橋本循記念会は、永年中国文学の研究に従事され、多くの優れた実績を挙げられた橋本循先生(立命館大学名誉教授)の遺徳を偲び、その遺志を継承して中国を中心とした東アジアの学術文化の発展に寄与すべく、博士のご令室橋本ゑん夫人のご寄付により設立された財団です。

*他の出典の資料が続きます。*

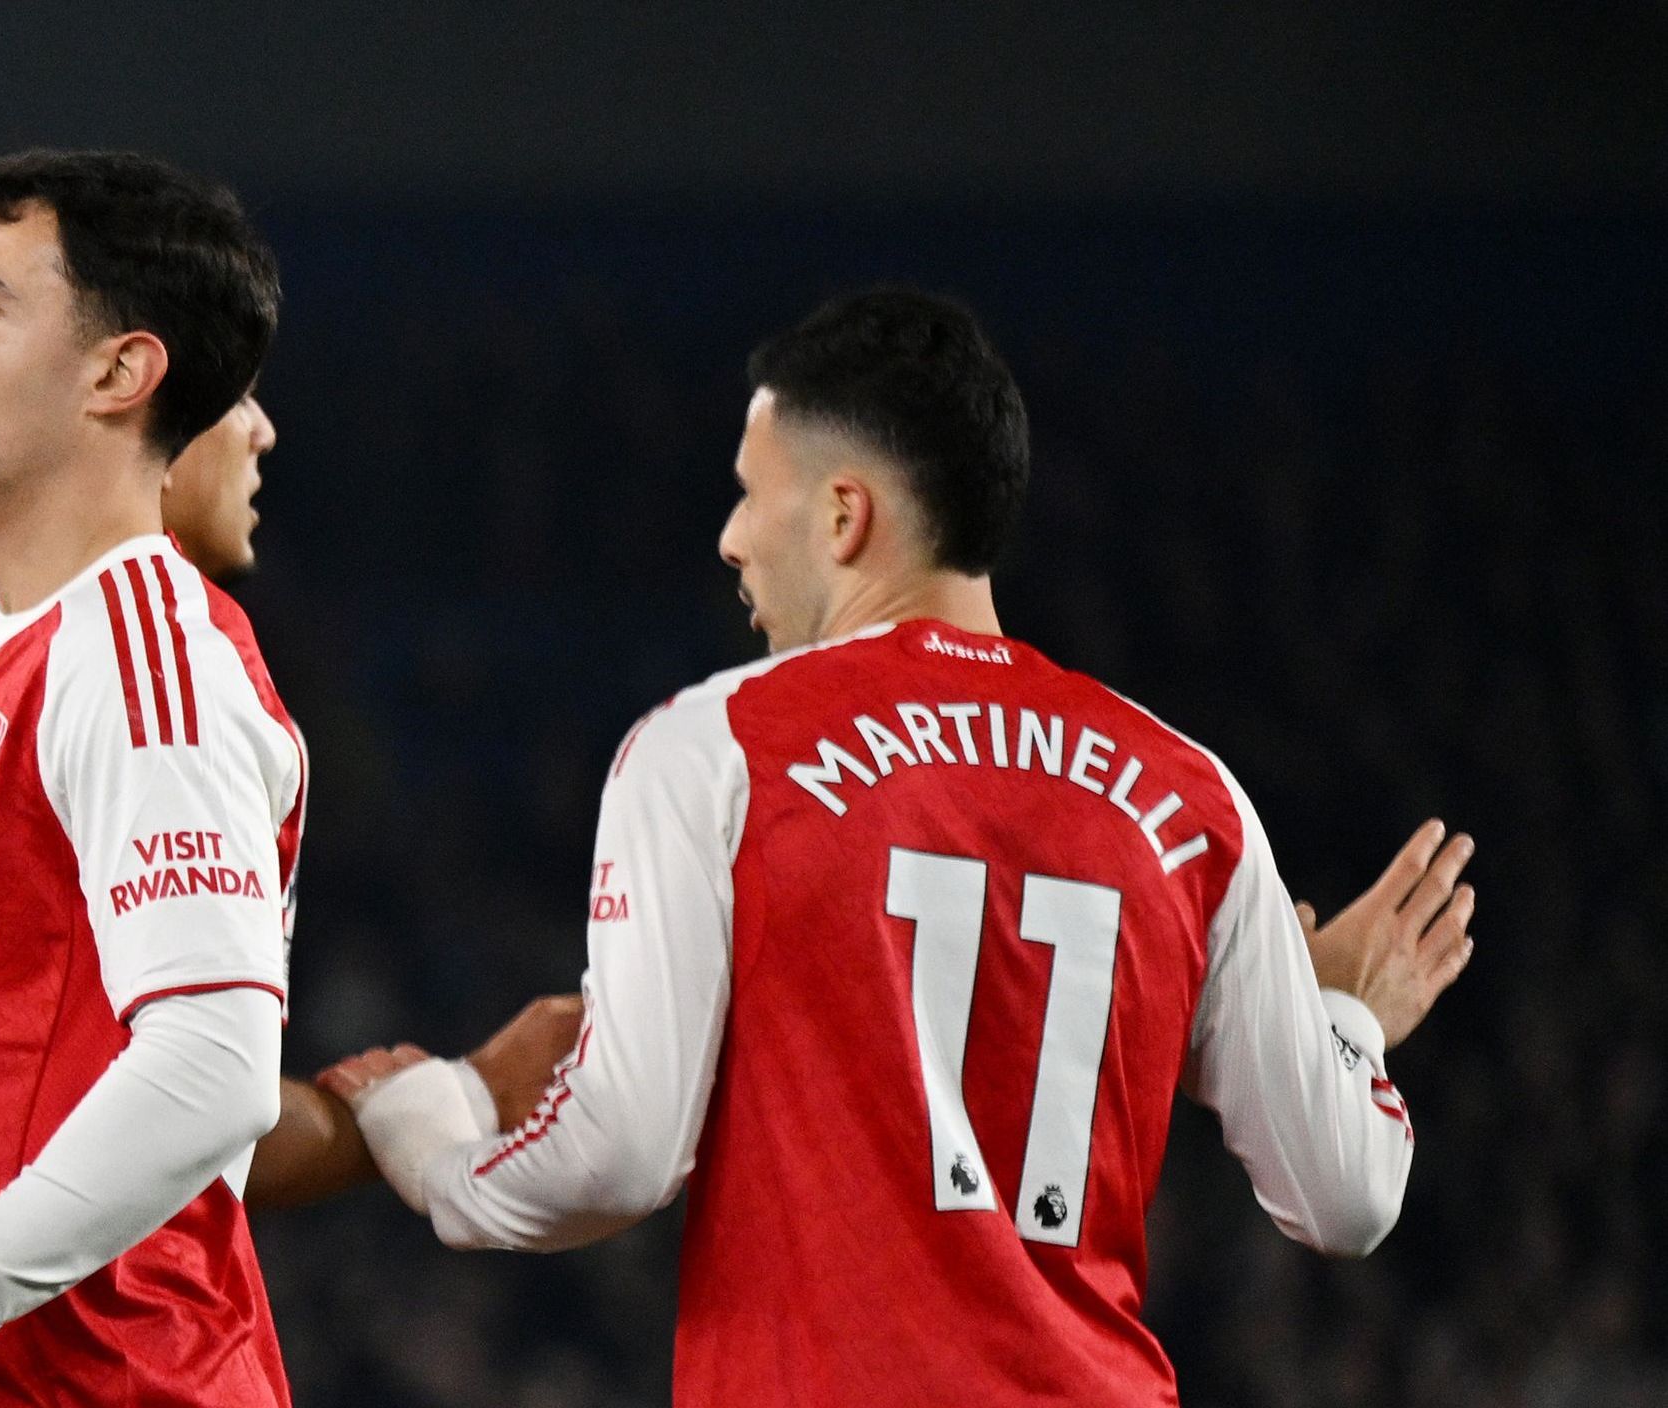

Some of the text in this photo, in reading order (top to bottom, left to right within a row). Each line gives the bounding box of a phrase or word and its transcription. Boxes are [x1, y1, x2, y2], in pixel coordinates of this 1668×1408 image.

[923, 631, 1013, 665] Arsenal
[786, 702, 1209, 875] MARTINELLI
[133, 831, 223, 866] VISIT
[110, 867, 265, 917] RWANDA
[885, 847, 1122, 1249] 11
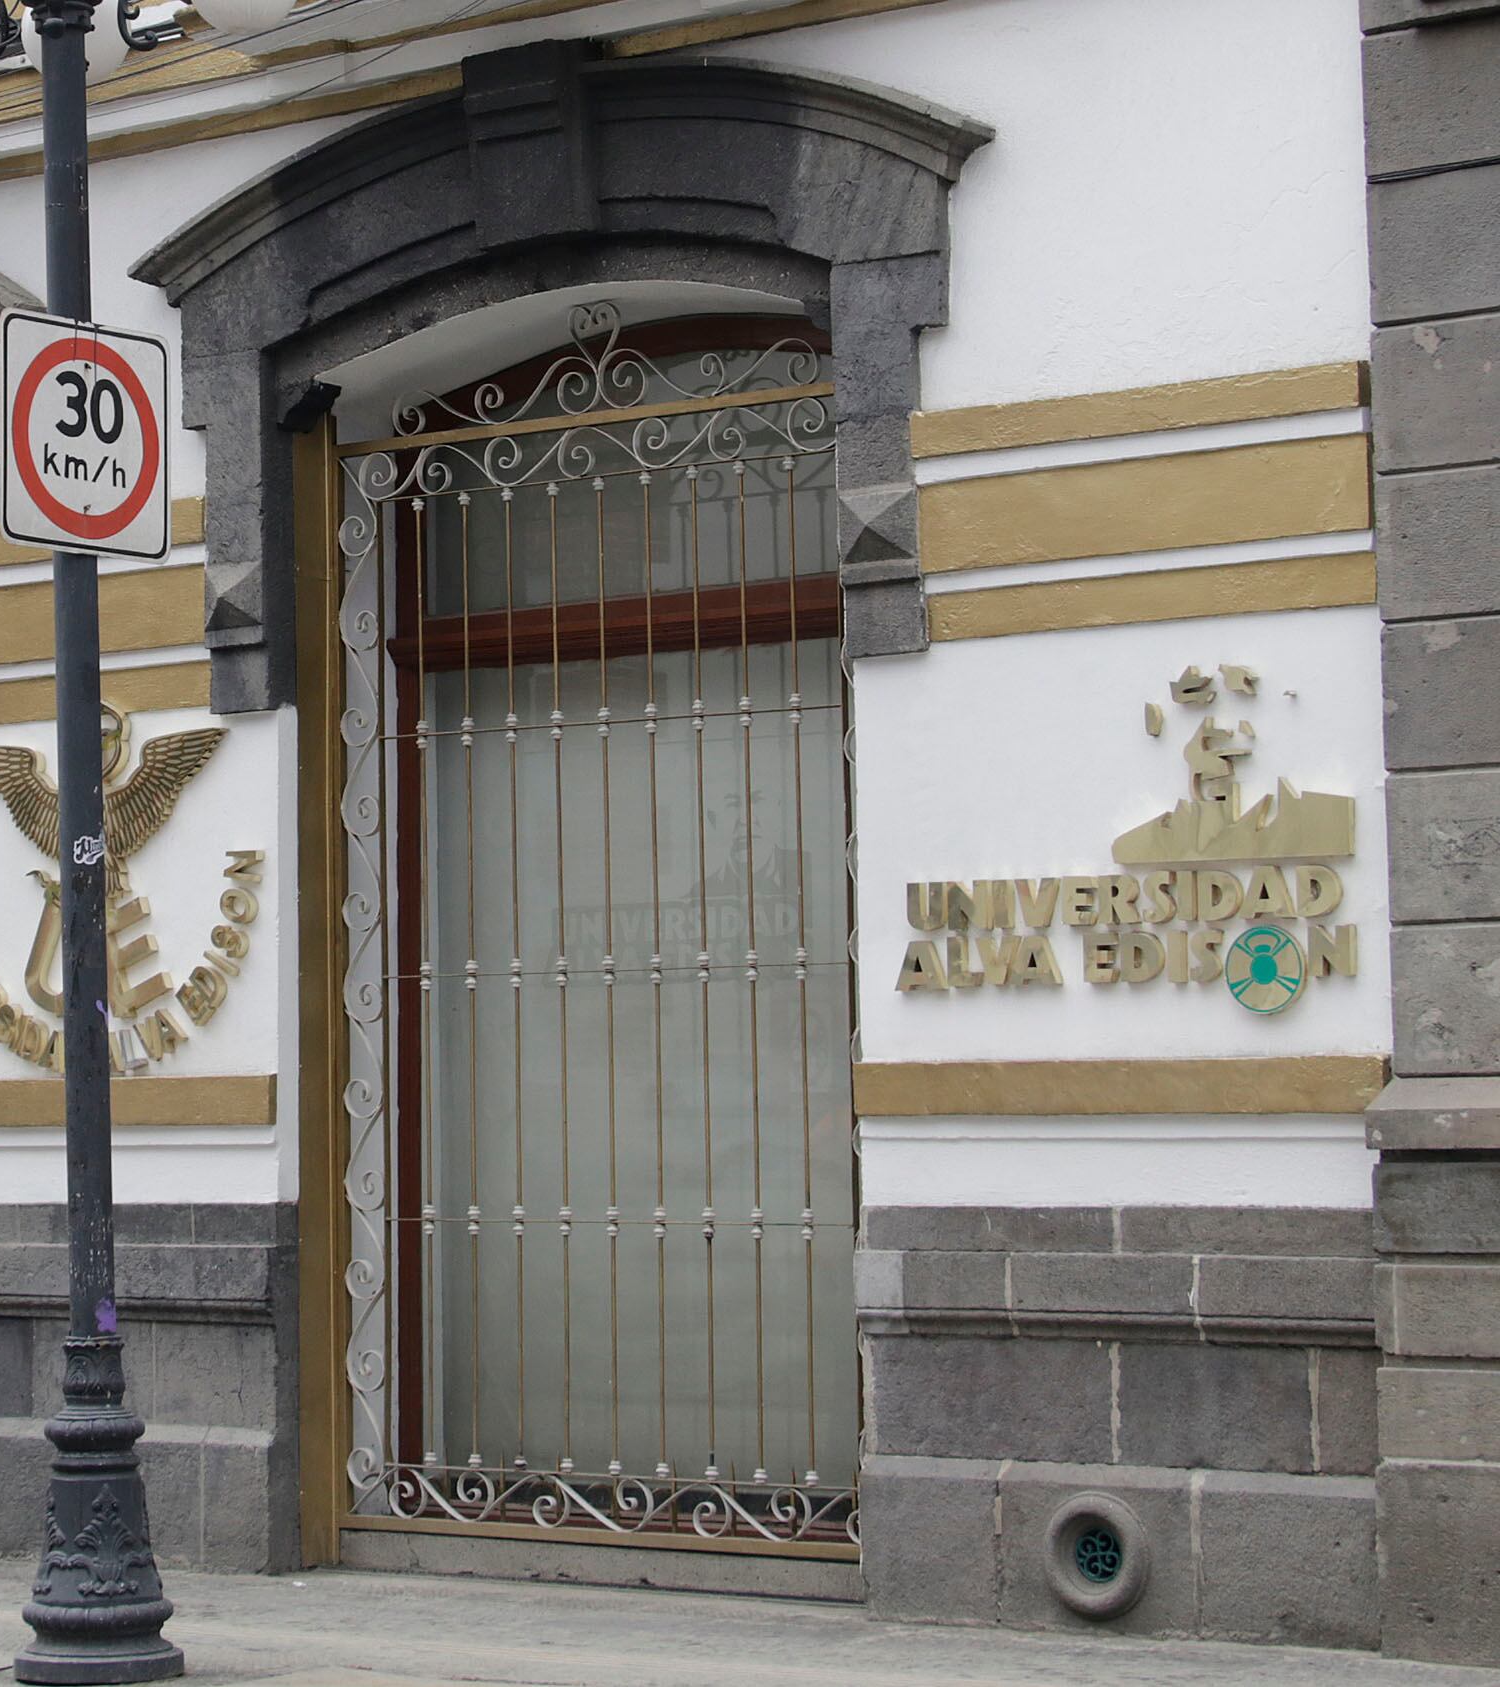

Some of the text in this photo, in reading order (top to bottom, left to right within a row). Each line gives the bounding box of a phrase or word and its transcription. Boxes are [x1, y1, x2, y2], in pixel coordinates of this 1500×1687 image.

中国古典詩文における「猿鳴」――山の奥から文人の世界へ――
猿の鳴き声は、李白「早発白帝城」の「両岸の猿声 啼いて尽きず」や杜甫「登高」の「風急に天高く 猿嘯哀し」など人口に膾炙する漢詩に歌われ、中国古典文学においてよく知られた題材であるが、従来これを正面から取り上げて論じられることは稀であった。本論は、中国古典詩文の「猿鳴」を専門的に取りあげた画期的な論文である。文学史の流れに沿って作品を綿密に分析し、またオランダの東洋学者のファン・フーリク(高羅佩)の研究など内外の先行研究も十分に吸収し、「猿」「猿鳴」のイメージと文人の精神世界の変遷を解明しており、中国古典文学の研究、また日本漢文学にも寄与する有益な論文として高く評価しうる。